Bragg "angry" over limited tax breaks
By Kate Bulkley
For Broadcast May 10, 2012
Melvyn Bragg is unhappy that tax breaks are to be limited to high-end cinematic TV dramas and not available to smaller, less mainstream arts programming.
The longtime presenter and arts champion said the current plan would starve money from arts programmes and other smaller programmes that may have smaller visability but could have great potential.
Bragg said he agreed with actor and Sundance founder Robert Redford who also recently criticized government for overlooking “alternative” films in its tax break plans.
“I agree with Redford on this,” said Bragg. “There’s not many little grey cells ticking away down there (in government) There isn’t much thinking, paddling yes, but real thinking, no.”
Speaking at a BPG Press Guild lunch, Bragg said he was “angry” with the government about the limited subsidies, telling Broadcast after the lunch that government should be focusing on helping new talent to emerge.
“They should look at the roots. That’s where you need to pour the water. You don’t need to water the tops of the hydrangeas. You invest in the little companies and the alternative programmes.”

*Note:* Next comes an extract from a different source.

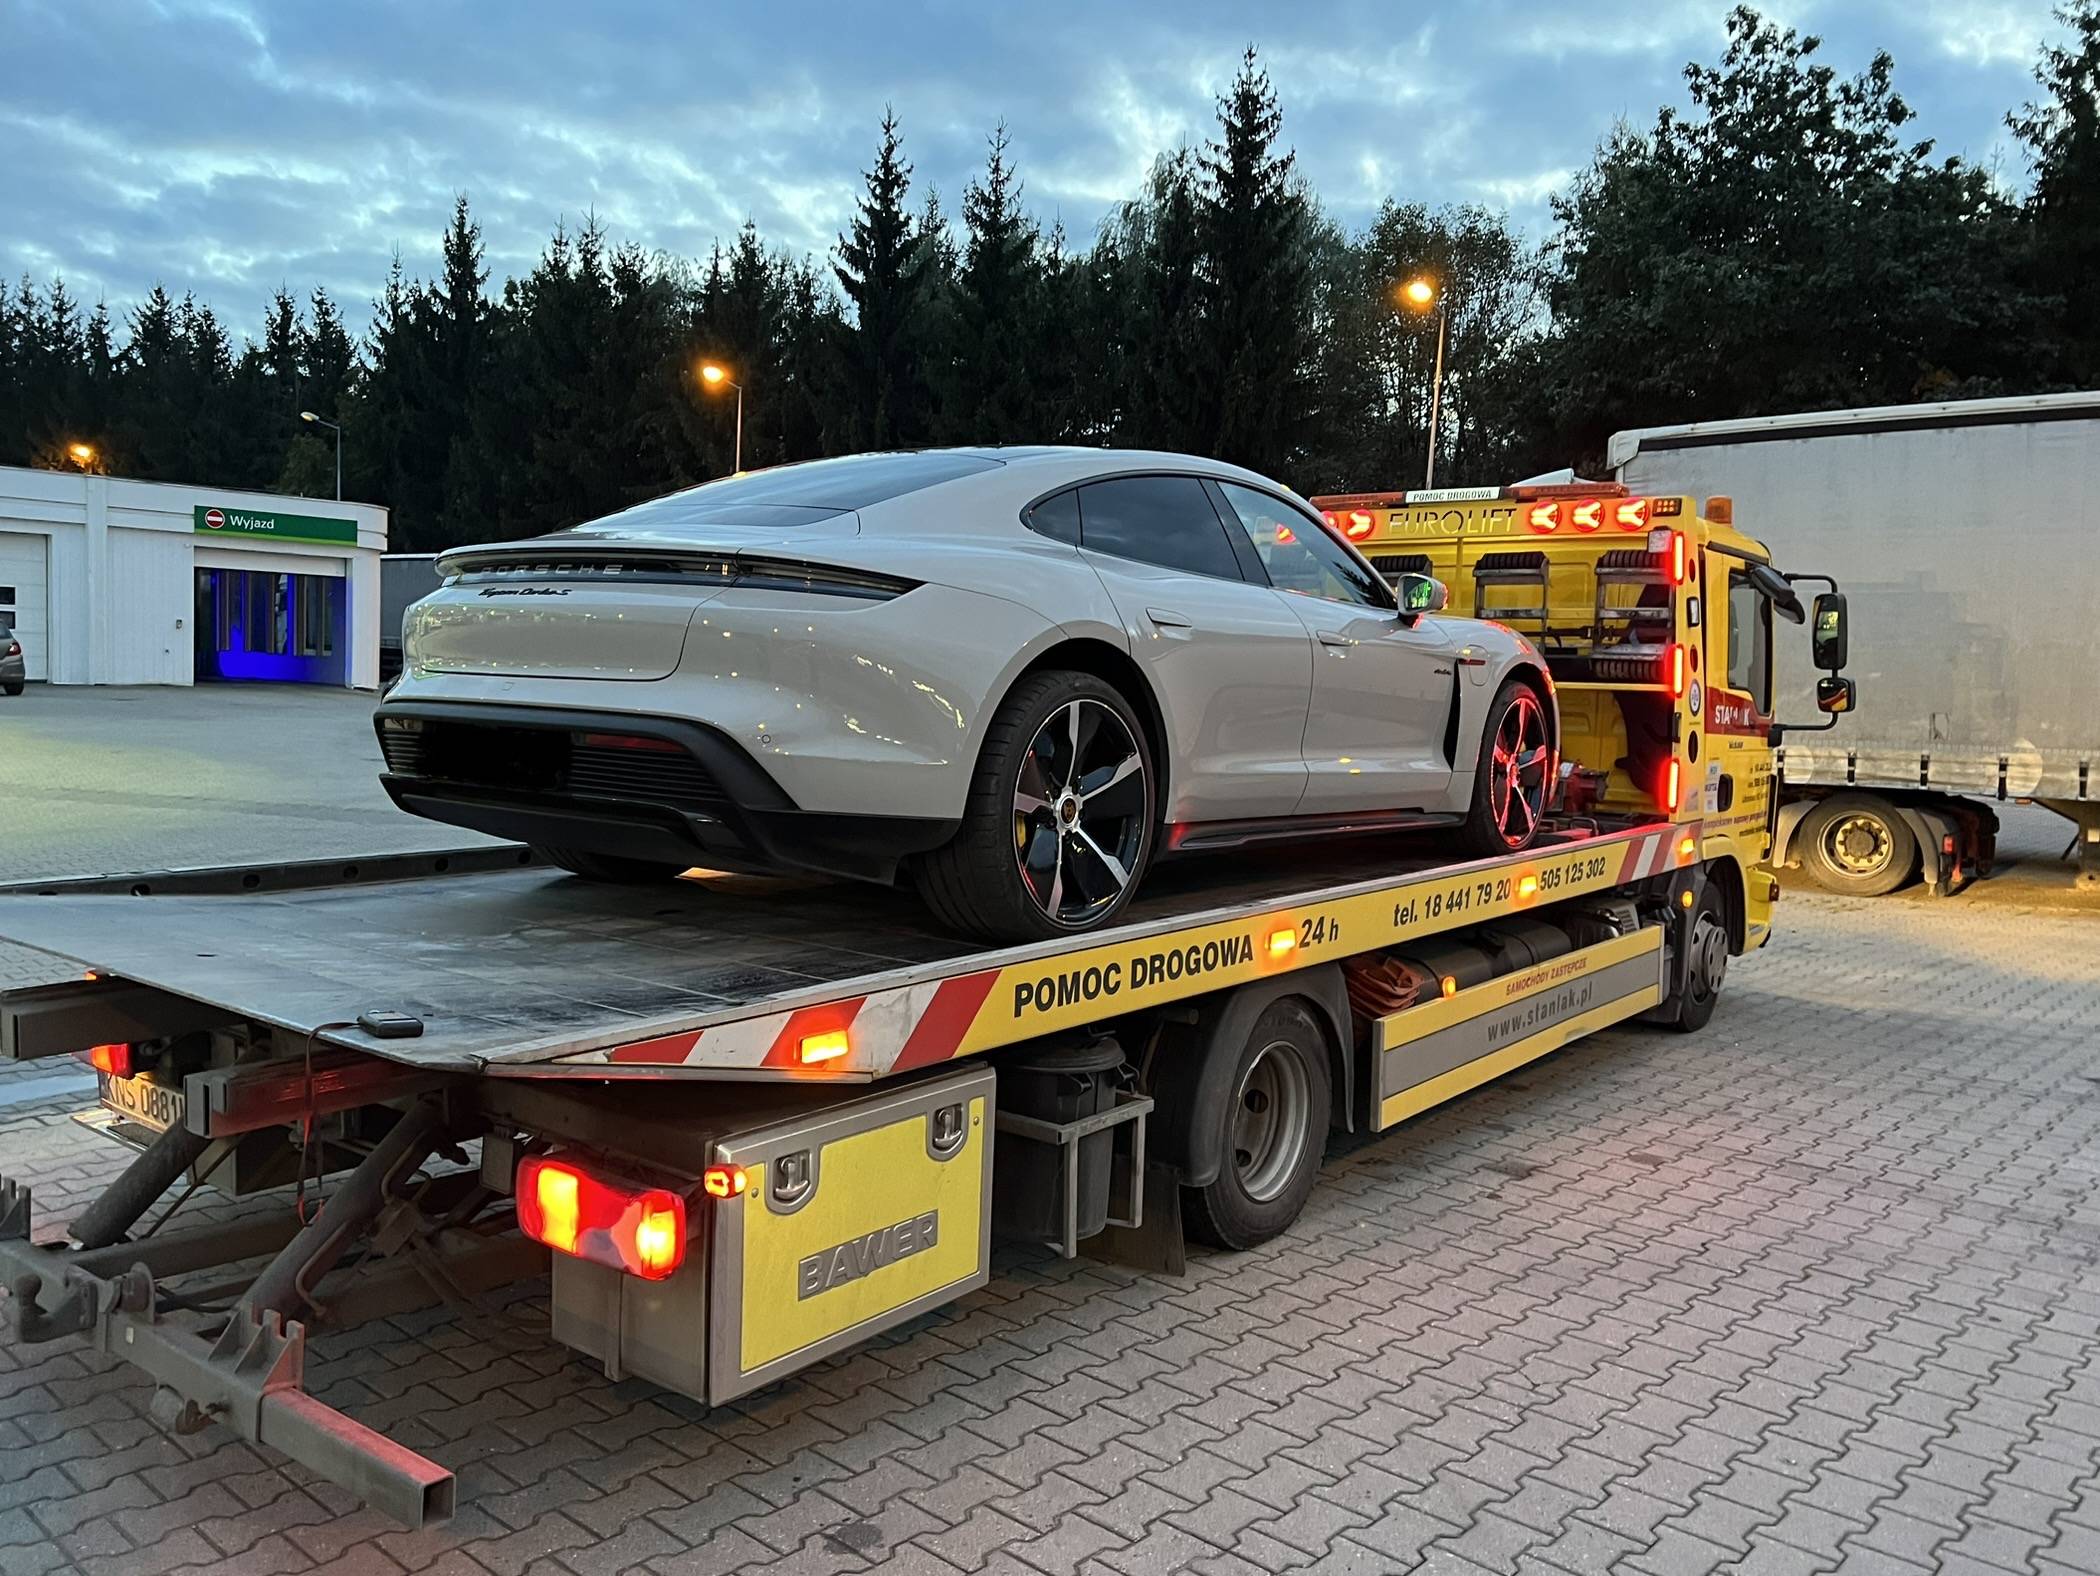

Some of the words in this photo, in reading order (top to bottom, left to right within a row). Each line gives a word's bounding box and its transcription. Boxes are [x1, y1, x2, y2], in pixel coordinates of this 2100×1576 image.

Bragg also lambasted Treasury plans to restrict tax relief for philanthropists, saying that “the silly buggering about with philanthropy” relief was a wrong step. “We have created over the last 15 years in this country, a triangle and it’s an equilateral triangle that no one else has got. It is government money, box office and philanthropy. All three of these come together and that is what really makes it go.”
He said that big donors to the arts were not doing it for the tax relief, they were doing it out of generosity, and if government changes the recipe there could be dire consequences.
Bragg’s landmark ITV programme The South Bank show is returning to the air on Sky Arts May 27 for a six- episode run, beginning with a profile of Nick Hytner, artistic director of The National Theatre.
Hytner has also criticized government’s plans to cap at 25% of their income anyone seeking to claim more than £50,000 of tax relief in one year. Hytner says that some £40 million already committed in gifts to the National Theatre are now under threat.